Thank you for your interest in our clinical trials. Here you can find a list of our current clinical trials. Please click on the name of the trial to find out more about it on clinicaltrials.gov. If you are interested in participating in any of these trials, please contact us at firstname.lastname@example.org.
If you are interested in learning more about our Autism program, please visit the Duke Center for Autism and Brain Development website.
The primary purpose of this protocol is to enable access to sibling or autologous umbilical cord blood for children with various brain disorders. Children with cerebral palsy, hydrocephalus, hypoxic brain injury, stroke, apraxia, autism and other brain injuries will be eligible if they do not qualify for or are unable to participate in another active clinical trial at Duke. Children with qualifying partially or fully matched sibling or autologous cord blood units will be eligible.
The primary objective of this study is to determine the efficacy of a single intravenous infusion of unrelated donor umbilical cord blood (UCB) for improving functional outcomes in patients with ischemic stroke. Eligible subjects will receive an intravenous infusion of UCB or placebo 3-10 days following stroke.
Umbilical Cord Blood (UCB) Transplant of Inherited Metabolic Diseases with Administration of Intrathecal UCB Derived Oligodendrocyte-Like Cells (DUOC-01)

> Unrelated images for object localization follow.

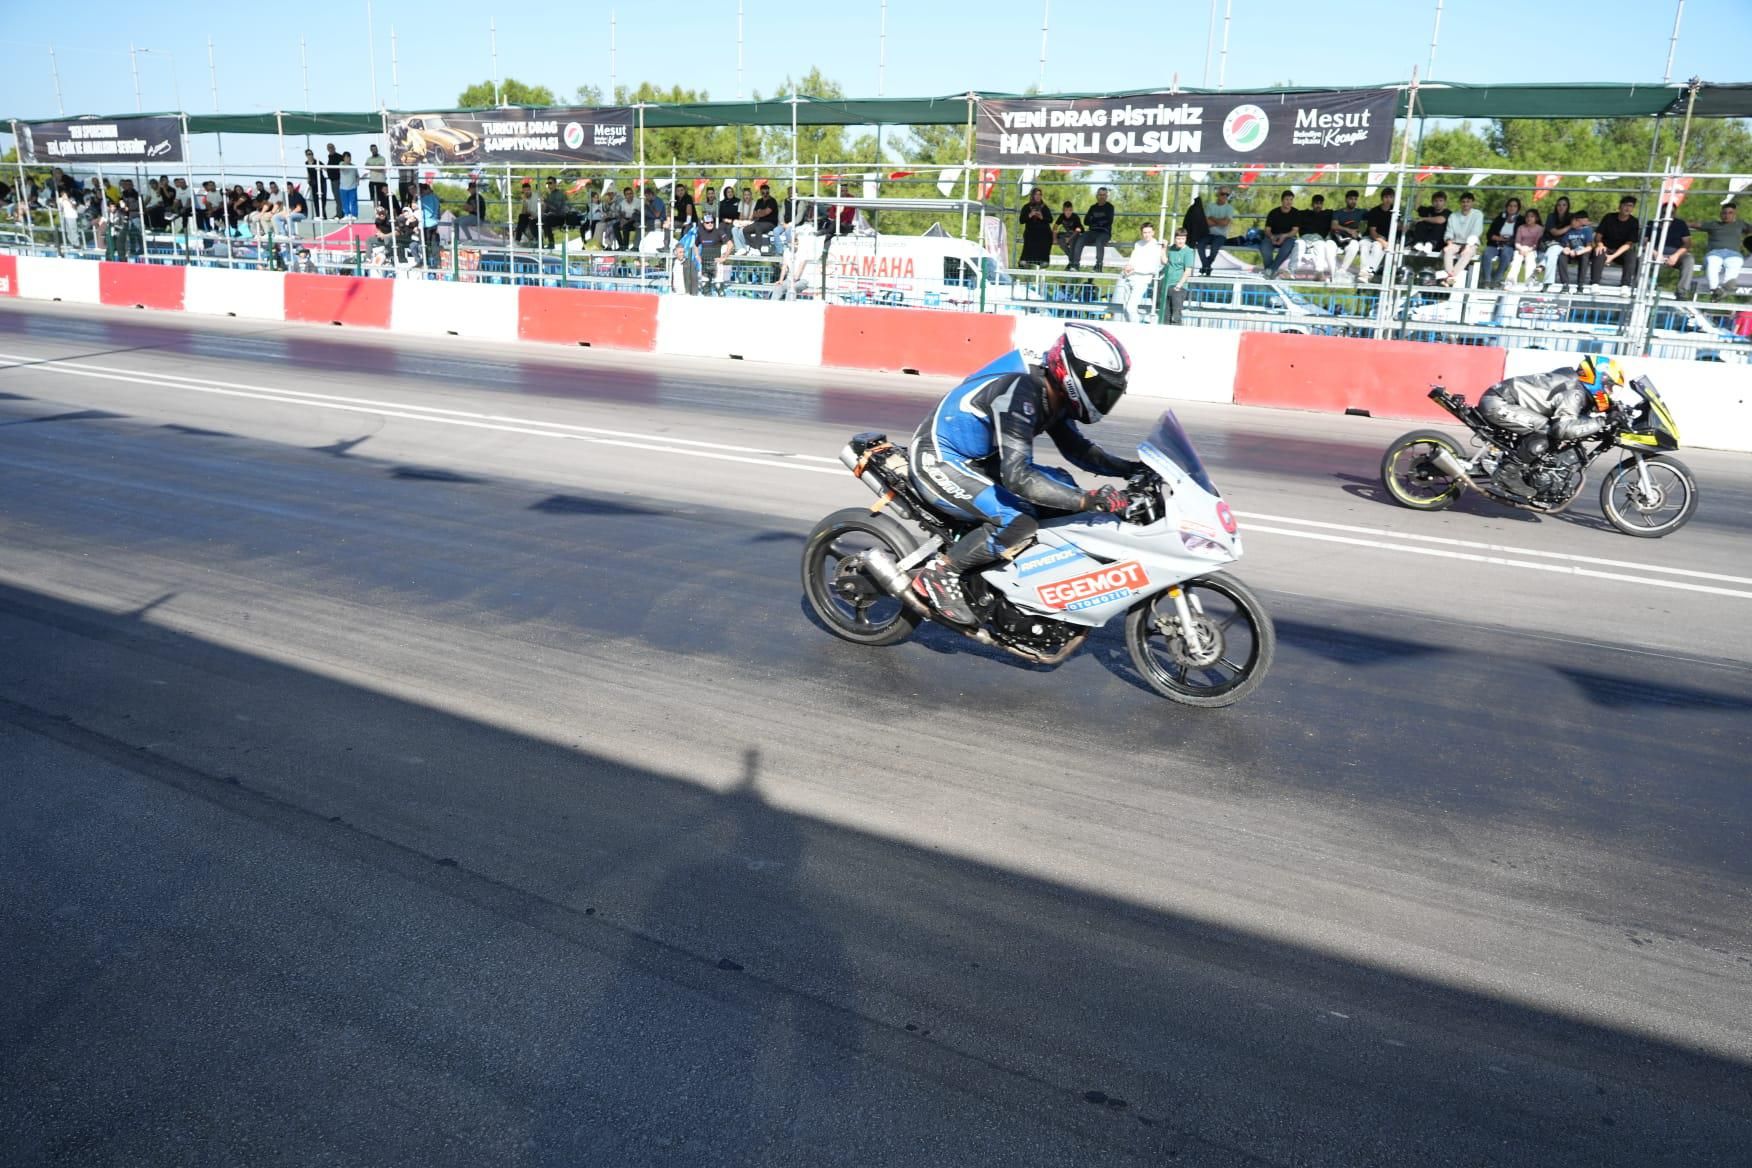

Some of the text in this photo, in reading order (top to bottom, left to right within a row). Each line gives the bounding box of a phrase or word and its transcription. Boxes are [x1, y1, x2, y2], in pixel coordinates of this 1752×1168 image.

[528, 120, 558, 134] DRAG
[1000, 103, 1204, 128] YENİ DRAG PİSTİMİZ
[1295, 108, 1371, 128] Mesut
[594, 123, 626, 136] Mesut
[1000, 131, 1202, 154] HAYIRLI OLSUN
[839, 254, 915, 278] YAMAHA
[1040, 563, 1139, 605] EGEMOT

The primary objective of the study is to determine the safety and feasibility of intrathecal administration of DUOC-01 as an adjunctive therapy in patients with inborn errors of metabolism who have evidence of early demyelinating disease in the central nervous system (CNS) who are undergoing standard treatment with unrelated umbilical cord blood transplantation (UCBT). The secondary objective of the study is to describe the efficacy of UCBT with intrathecal administration of DUOC-01 in these patients.
The main purpose of this study is to estimate change in motor function 12 months after treatment with a single dose of allogeneic umbilical cord blood (AlloCB) or repeated doses of umbilical cord tissue-derived mesenchymal stromal cells (hCT-MSC) in children with cerebral palsy. Children ages 2-5 years with cerebral palsy due to hypoxic ischemic encephalopathy, stroke, or periventricular leukomalacia may be eligible to participate. All participants will ultimately be treated with an allogeneic cell product at some point during the study.
Active, not recruiting
This study is a phase I, prospective, open-label trial designed to assess the safety of one, two, and three intravenous doses of hCT-MSC in young children with ASD. Children ages two to 11 years with ASD will be eligible to participate.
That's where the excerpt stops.